» **Problem**: Your copy should repeat each record below exactly and contain no images.

----

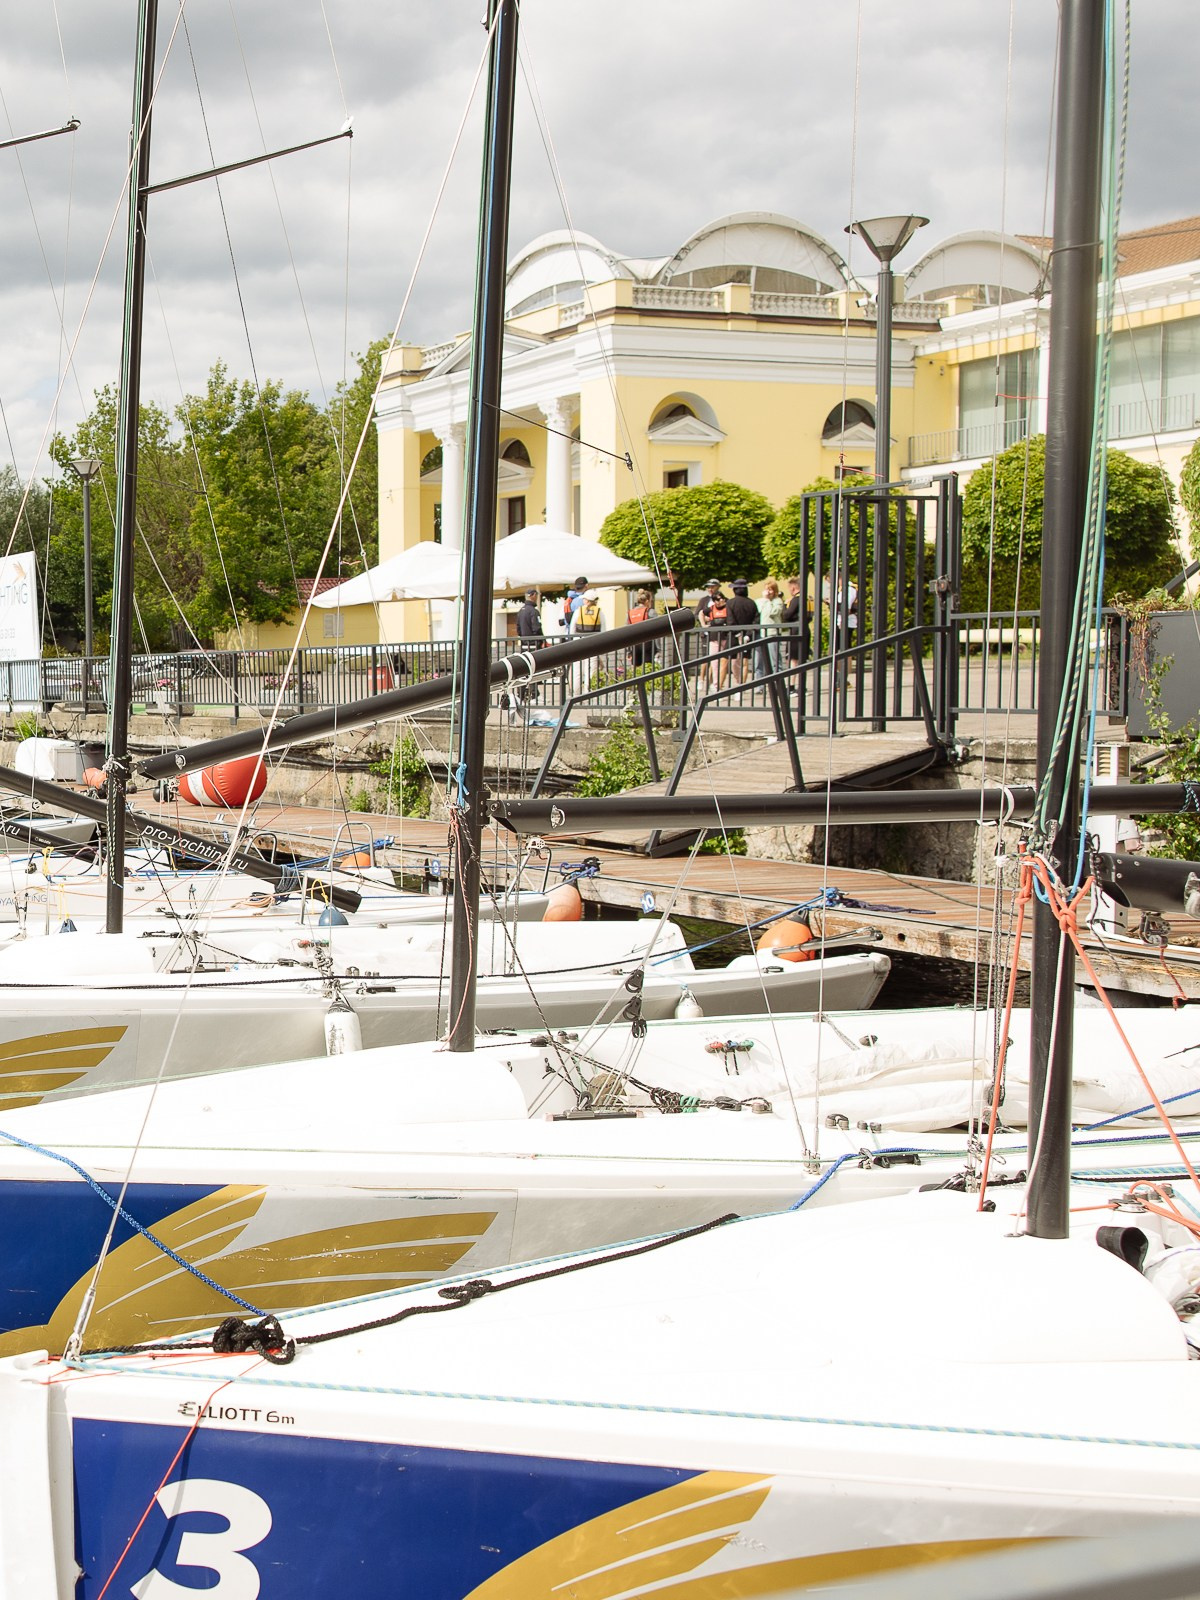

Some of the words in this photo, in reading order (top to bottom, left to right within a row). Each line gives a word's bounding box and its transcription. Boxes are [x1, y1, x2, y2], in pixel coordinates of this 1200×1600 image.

[141, 825, 249, 870] pro-yachtin.ru
[178, 1401, 262, 1422] ELLIOTT
[266, 1410, 295, 1425] 6m
[129, 1478, 273, 1600] 3
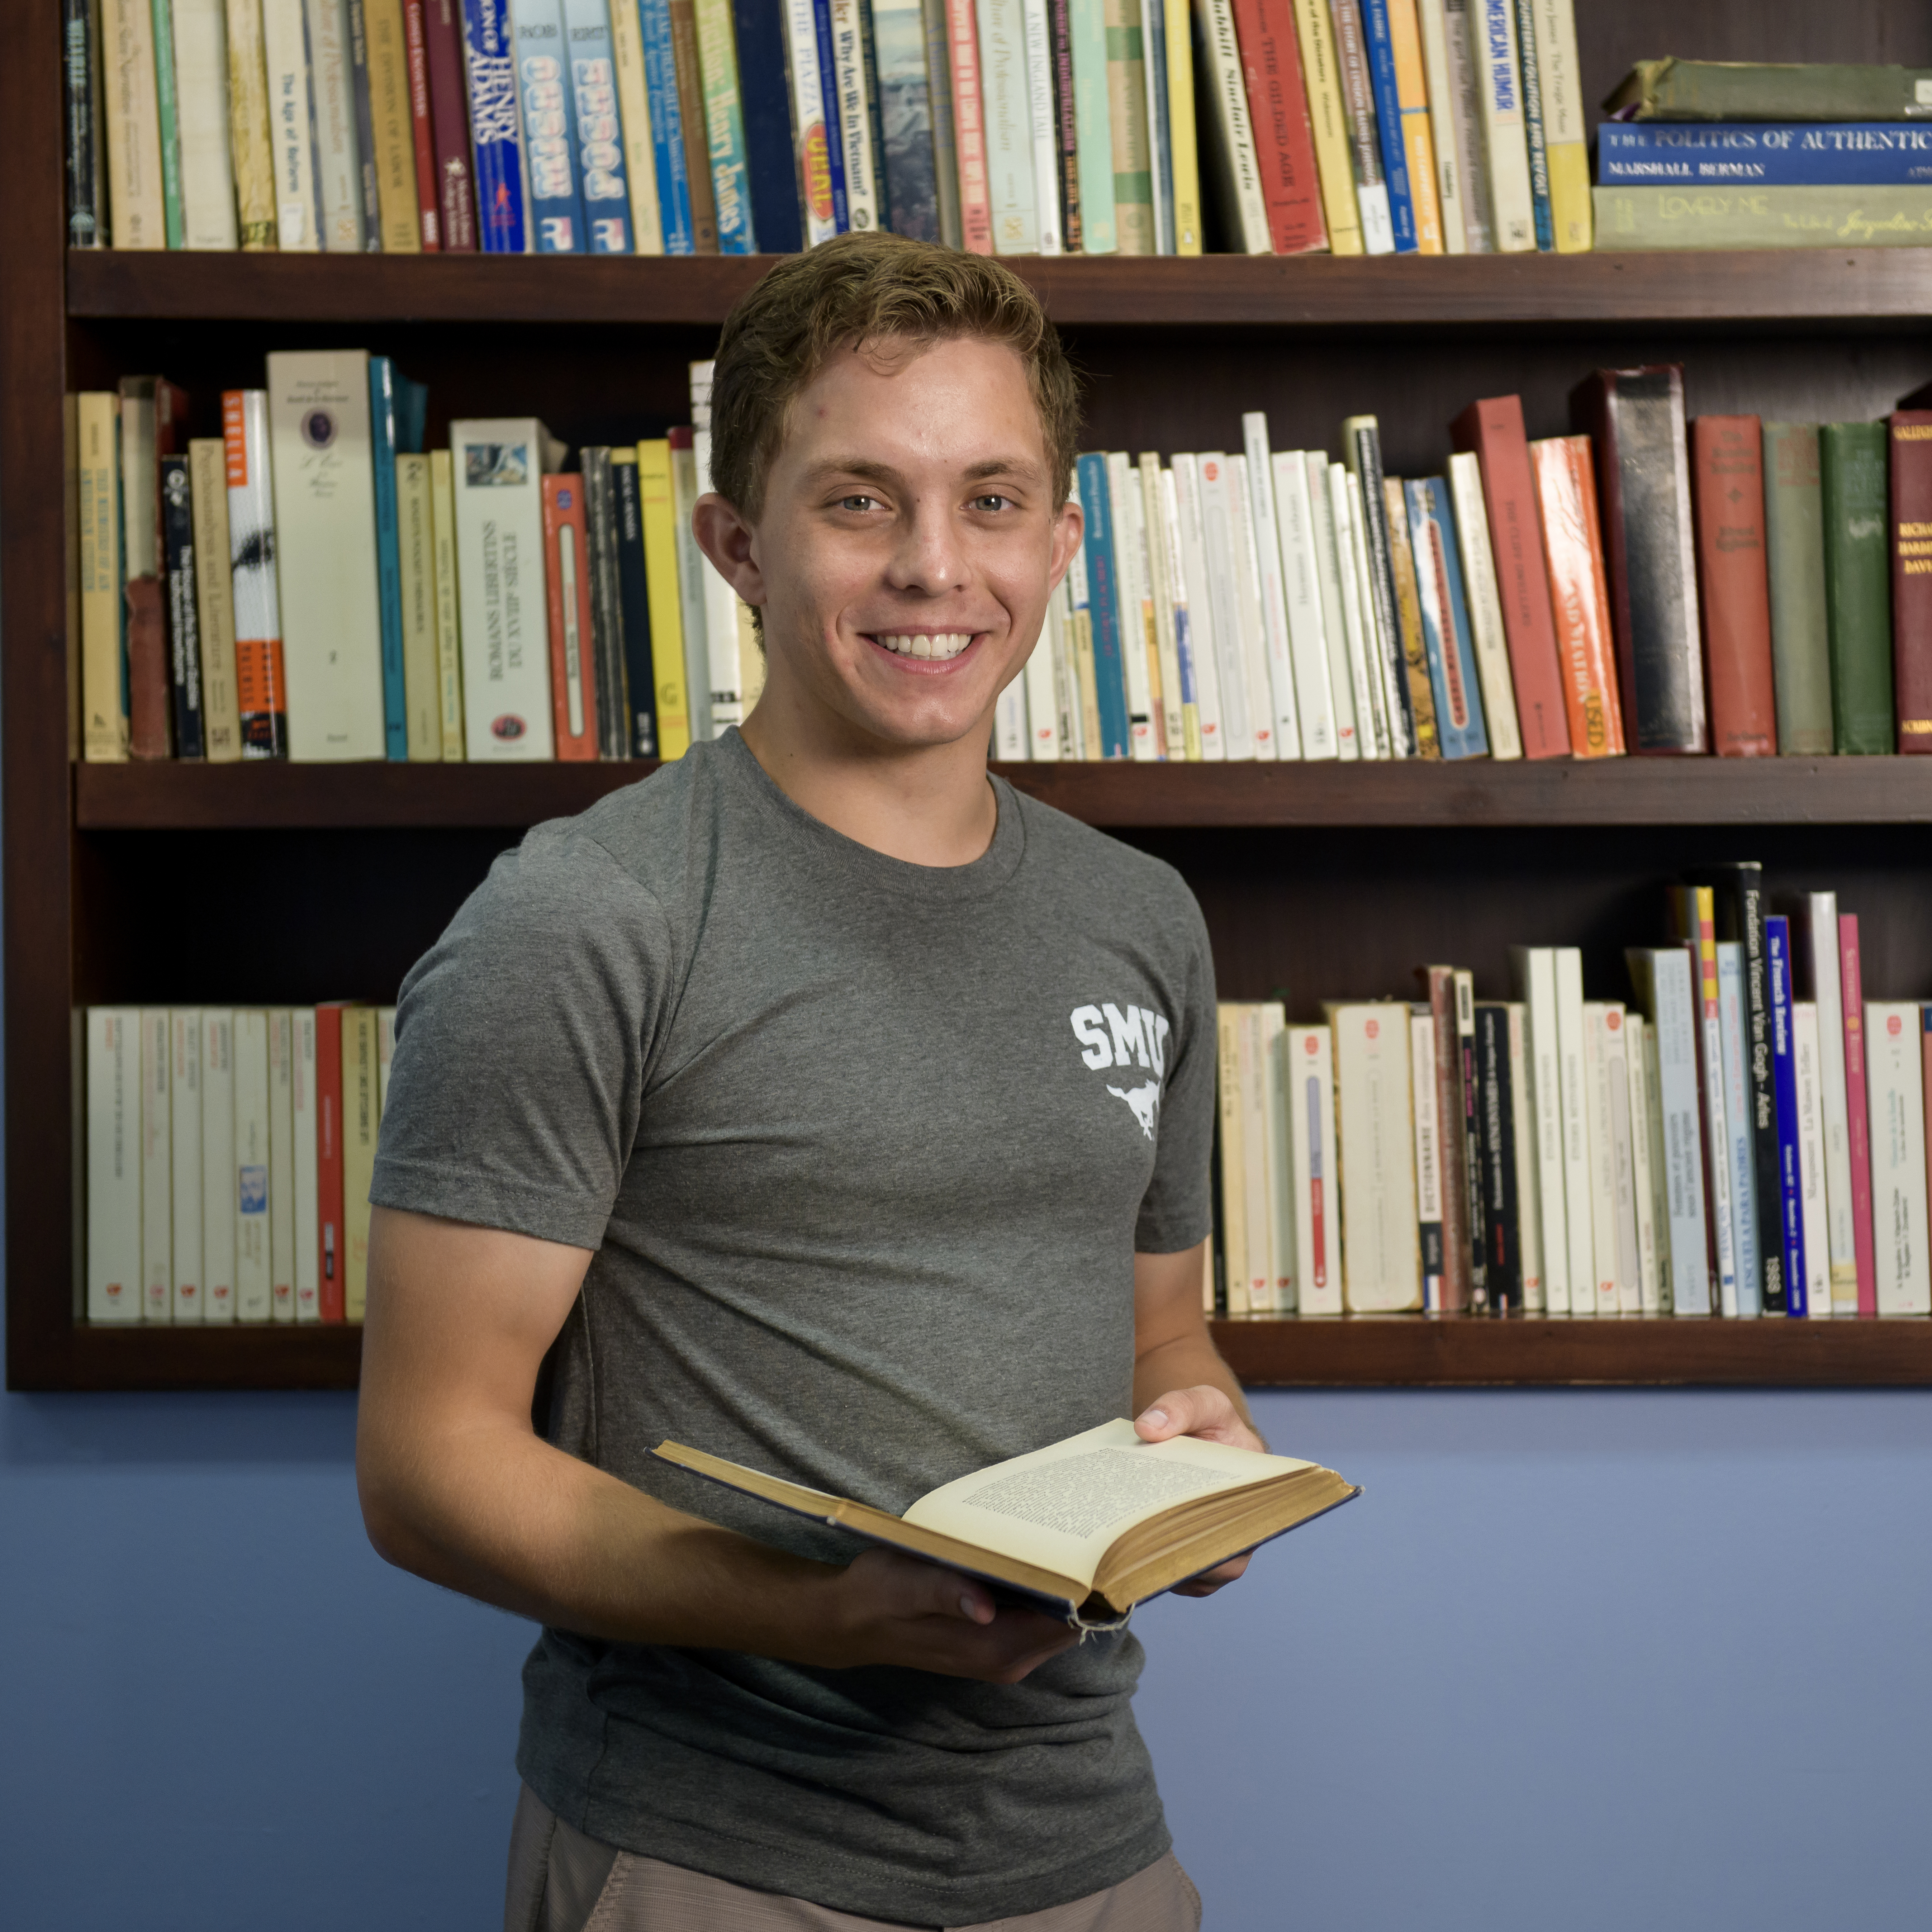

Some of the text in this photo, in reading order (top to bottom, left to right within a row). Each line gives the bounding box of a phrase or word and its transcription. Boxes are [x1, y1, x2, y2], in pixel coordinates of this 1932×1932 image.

----

» **Reply**:
Some of the words in this photo, in reading order (top to bottom, left to right within a row). Each line gives a word's bounding box and its transcription. Boxes are [x1, y1, x2, y2], in pixel coordinates of this 1200×1600 image.

[141, 825, 249, 870] pro-yachtin.ru
[178, 1401, 262, 1422] ELLIOTT
[266, 1410, 295, 1425] 6m
[129, 1478, 273, 1600] 3

Some of the text in this photo, in reading order (top to bottom, left to right within a row). Each line gives the bounding box of a phrase or word and its transcription. Boxes are [x1, y1, x2, y2], in pixel coordinates of this 1932×1932 image.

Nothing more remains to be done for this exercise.